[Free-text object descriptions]
+--

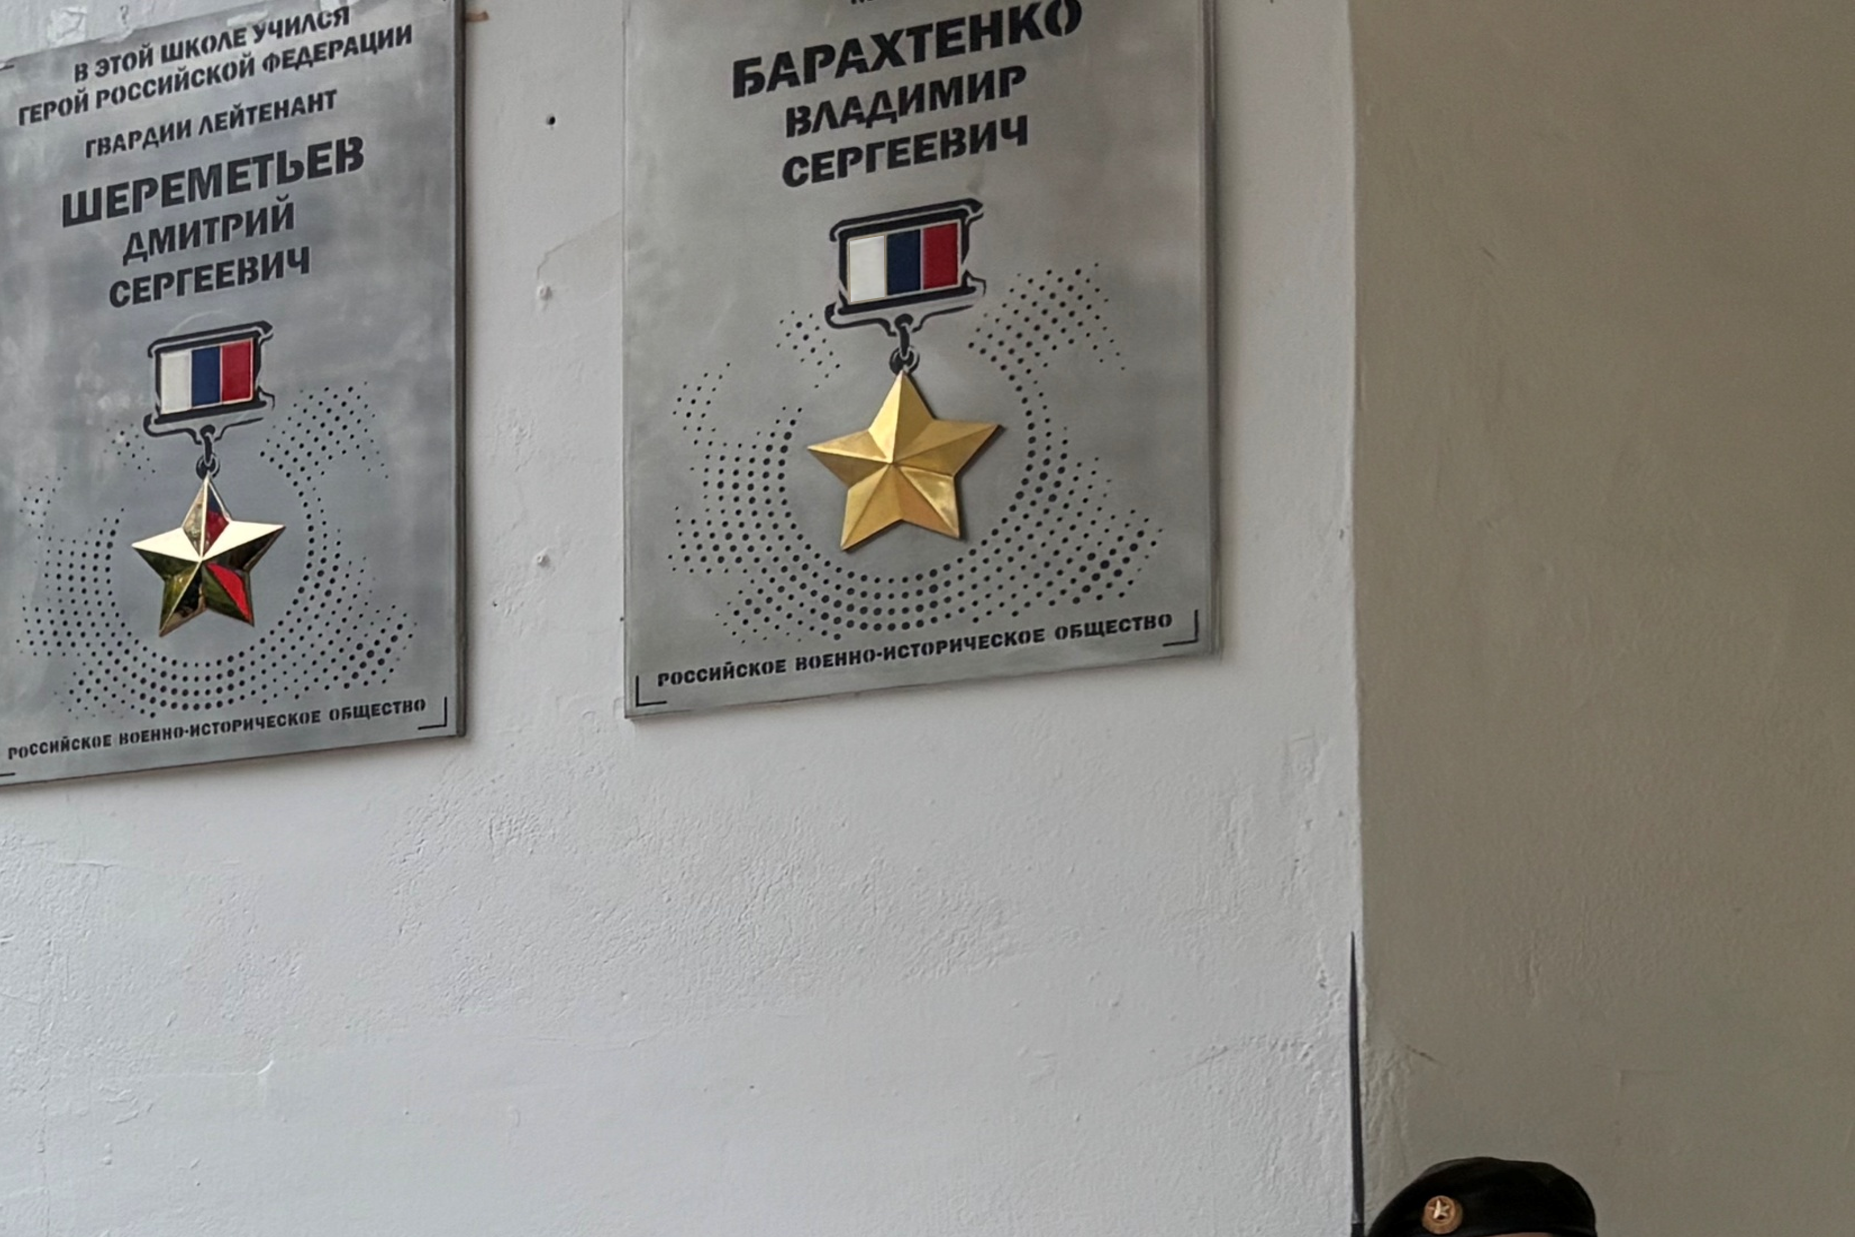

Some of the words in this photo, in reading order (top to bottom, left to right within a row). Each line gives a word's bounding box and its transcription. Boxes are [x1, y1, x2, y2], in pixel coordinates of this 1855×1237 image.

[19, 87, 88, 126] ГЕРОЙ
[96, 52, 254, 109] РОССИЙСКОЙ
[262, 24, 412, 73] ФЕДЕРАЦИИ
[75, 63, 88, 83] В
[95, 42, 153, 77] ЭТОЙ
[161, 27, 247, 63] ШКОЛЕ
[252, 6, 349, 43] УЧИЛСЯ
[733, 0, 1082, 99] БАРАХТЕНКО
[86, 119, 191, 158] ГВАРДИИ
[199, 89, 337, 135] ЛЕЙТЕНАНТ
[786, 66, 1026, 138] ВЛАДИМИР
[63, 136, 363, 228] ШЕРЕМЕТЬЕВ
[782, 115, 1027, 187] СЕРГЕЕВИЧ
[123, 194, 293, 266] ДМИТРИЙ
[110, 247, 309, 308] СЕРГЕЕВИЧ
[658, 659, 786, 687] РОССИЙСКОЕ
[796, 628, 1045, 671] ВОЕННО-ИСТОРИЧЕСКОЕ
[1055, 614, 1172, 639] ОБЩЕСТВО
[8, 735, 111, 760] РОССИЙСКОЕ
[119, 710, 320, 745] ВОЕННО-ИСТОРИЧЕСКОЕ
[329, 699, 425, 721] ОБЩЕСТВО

+--

The data above must be given again in full and unaltered, minus its images.

Some of the words in this photo, in reading order (top to bottom, left to right within a row). Each line gives a word's bounding box and its transcription. Boxes are [x1, y1, x2, y2], in pixel coordinates of this 1855×1237 image.

[19, 87, 88, 126] ГЕРОЙ
[96, 52, 254, 109] РОССИЙСКОЙ
[262, 24, 412, 73] ФЕДЕРАЦИИ
[75, 63, 88, 83] В
[95, 42, 153, 77] ЭТОЙ
[161, 27, 247, 63] ШКОЛЕ
[252, 6, 349, 43] УЧИЛСЯ
[733, 0, 1082, 99] БАРАХТЕНКО
[86, 119, 191, 158] ГВАРДИИ
[199, 89, 337, 135] ЛЕЙТЕНАНТ
[786, 66, 1026, 138] ВЛАДИМИР
[63, 136, 363, 228] ШЕРЕМЕТЬЕВ
[782, 115, 1027, 187] СЕРГЕЕВИЧ
[123, 194, 293, 266] ДМИТРИЙ
[110, 247, 309, 308] СЕРГЕЕВИЧ
[658, 659, 786, 687] РОССИЙСКОЕ
[796, 628, 1045, 671] ВОЕННО-ИСТОРИЧЕСКОЕ
[1055, 614, 1172, 639] ОБЩЕСТВО
[8, 735, 111, 760] РОССИЙСКОЕ
[119, 710, 320, 745] ВОЕННО-ИСТОРИЧЕСКОЕ
[329, 699, 425, 721] ОБЩЕСТВО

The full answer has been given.